Journal bearings are found in a staggering variety of systems, from motorcycles to cruise ships. As such, understanding their performance could have a substantial positive impact in many industries. With increased understanding comes the ability to optimise systems, leading to improved efficiencies and reduced emissions.
One key parameter in hydrodynamic journal bearings is the thickness of the lubricant layer at the shaft-bearing interface. Due to the journal bearing's enclosed geometry and the minute thickness of the oil film, typically in the order of 1's to 10's microns, conventional techniques often struggle to provide effective measurements. A promising alternative is the ultrasonic method. Ultrasound has previously been shown to accurately measure thin oil films and furthering this research will allow a greater understanding of the technology's potential.
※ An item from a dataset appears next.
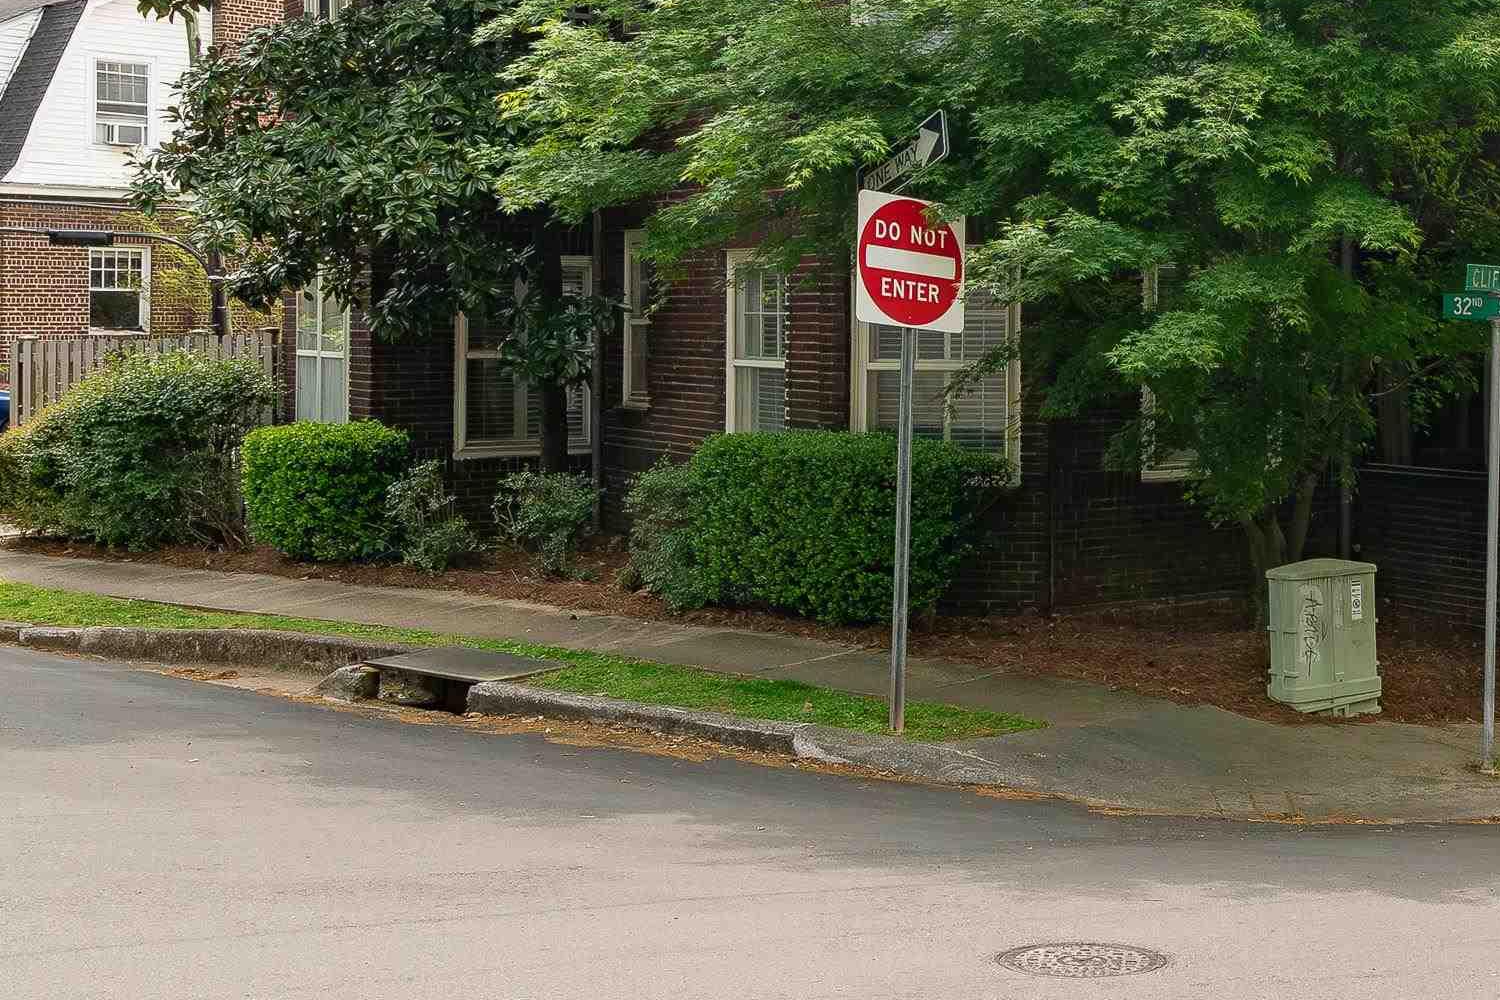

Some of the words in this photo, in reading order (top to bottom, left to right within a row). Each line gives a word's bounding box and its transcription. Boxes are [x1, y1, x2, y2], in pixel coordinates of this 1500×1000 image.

[875, 219, 900, 240] DO
[910, 226, 948, 249] NOT
[881, 276, 940, 304] ENTER
The aim of this project is to develop new ultrasonic techniques for journal bearing lubricant film thickness measurement under a wide range of operating conditions, including variable load, speed, temperature, alignment and oil type.
To achieve this, two bespoke journal bearing platforms have been designed. The first is a static loading test platform instrumented with ultrasonic transducers embedded within the shaft. Testing under normal operating conditions demonstrated that the combined application of multiple ultrasonic techniques enables accurate circumferential film measurements when compared against a numerical solution. The test platform and ultrasonic method were demonstrated to be highly repeatable, enabling a robust comparison between different lubricant types.
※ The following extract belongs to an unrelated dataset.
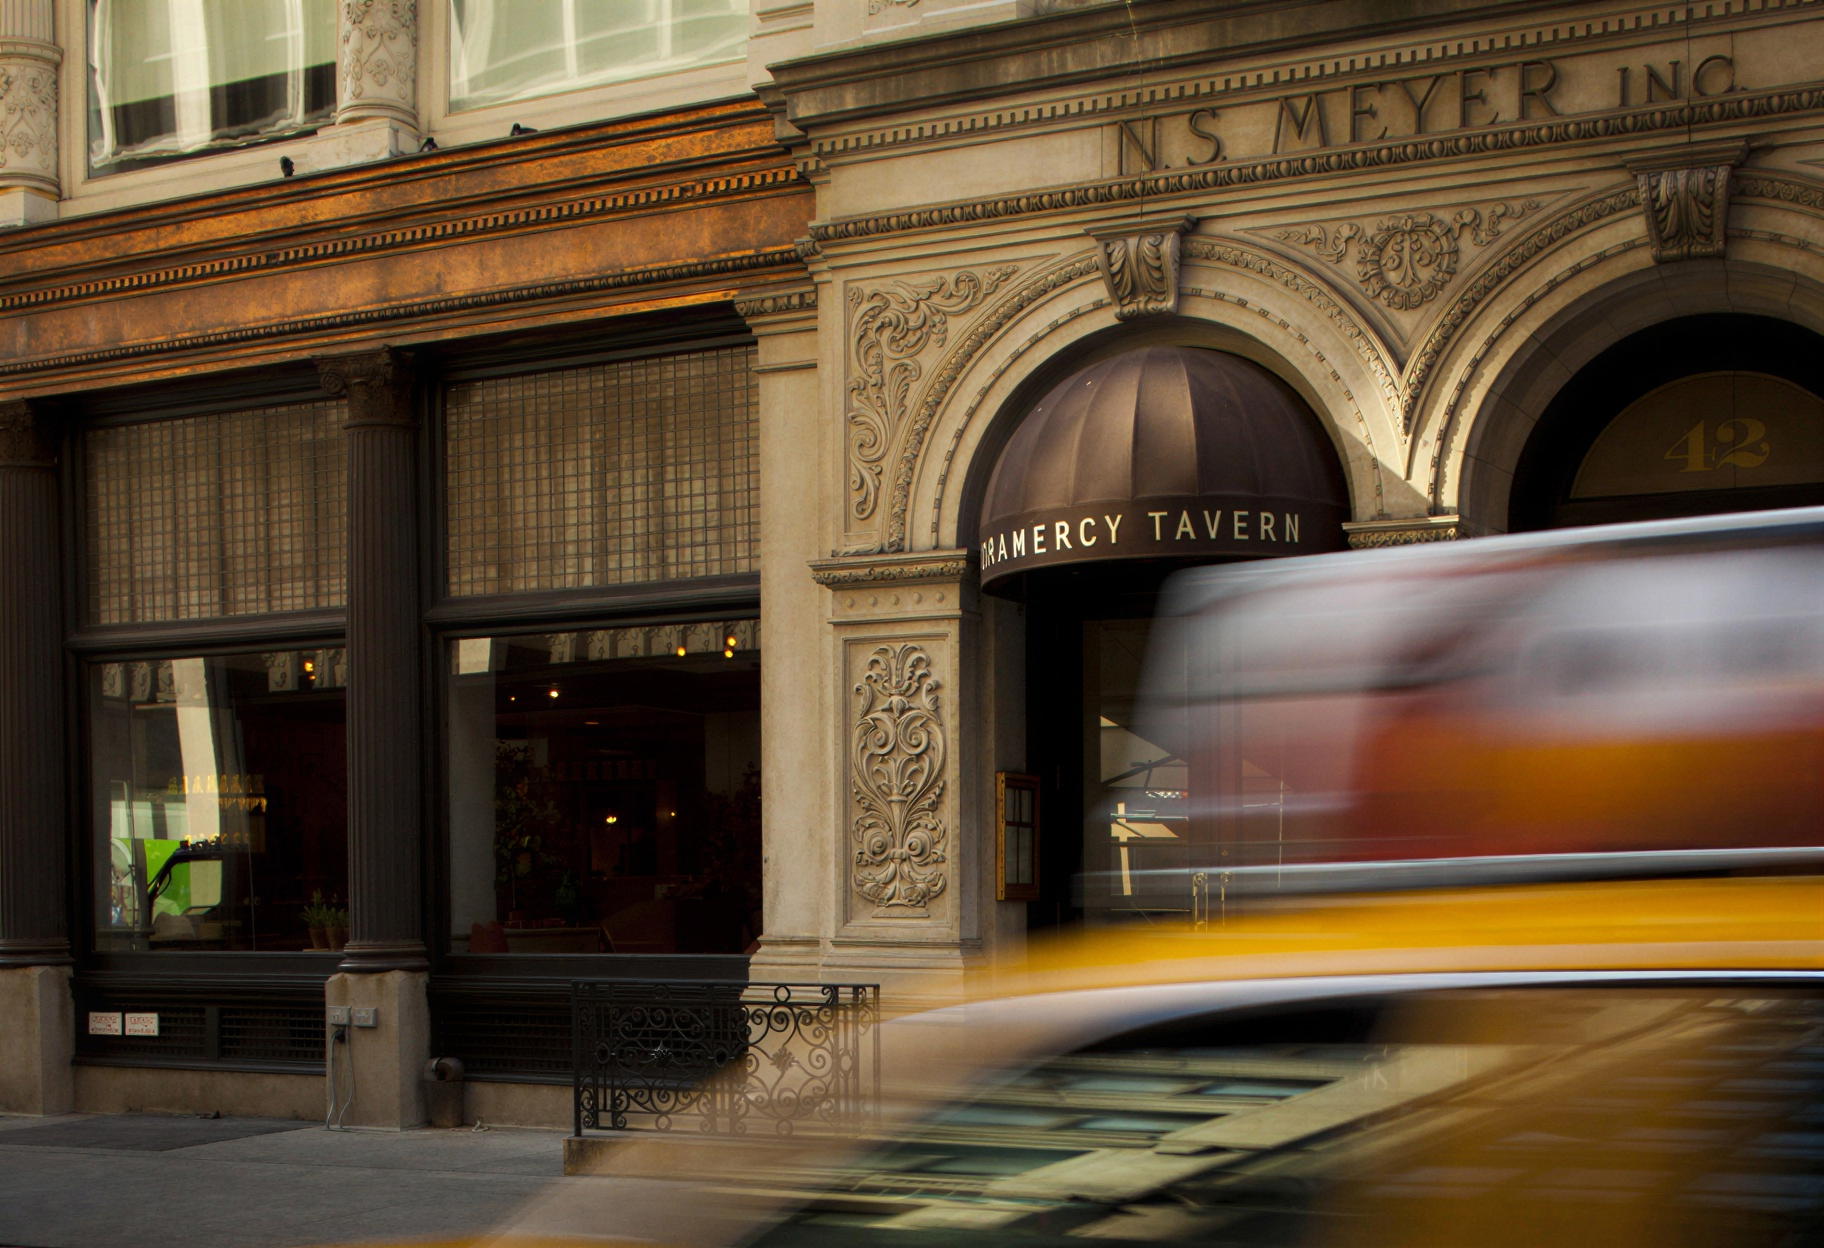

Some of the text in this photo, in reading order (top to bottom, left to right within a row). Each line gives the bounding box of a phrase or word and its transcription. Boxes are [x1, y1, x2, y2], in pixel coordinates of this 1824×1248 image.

[1271, 58, 1559, 155] MEYER
[1663, 418, 1770, 473] 42
[1148, 510, 1299, 543] TAVERN
How oil films behave under more severe conditions has also been investigated. Testing under shaft misaligned and offset-loading conditions demonstrated the ability of ultrasound to measure misalignment angle. Results compared against numerical simulations demonstrated the dramatic effect tiny changes in edge film thickness can have on peak pressure. Run-down testing, in which rotation speed was steadily reduced, allowed the system to clearly transition through lubrication regimes. The transition point between the hydrodynamic and mixed regime was found to be viscosity-dependent. Starvation testing showed that by observing changes in signal response at the thick film side of the bearing, the onset of low lubricant supply could be identified earlier than via conventional methods.
The second system is a dynamic loading test platform, with both bearing and shaft mounted ultrasonic transducers. This platform can apply a wide variety of complex loading patterns via a hydraulic power-pack controlled by an electro-proportional programmable valve. The effects of rotation speed and load pattern on oil film rupture and recovery have been studied, with results in good agreement with numerical predictions.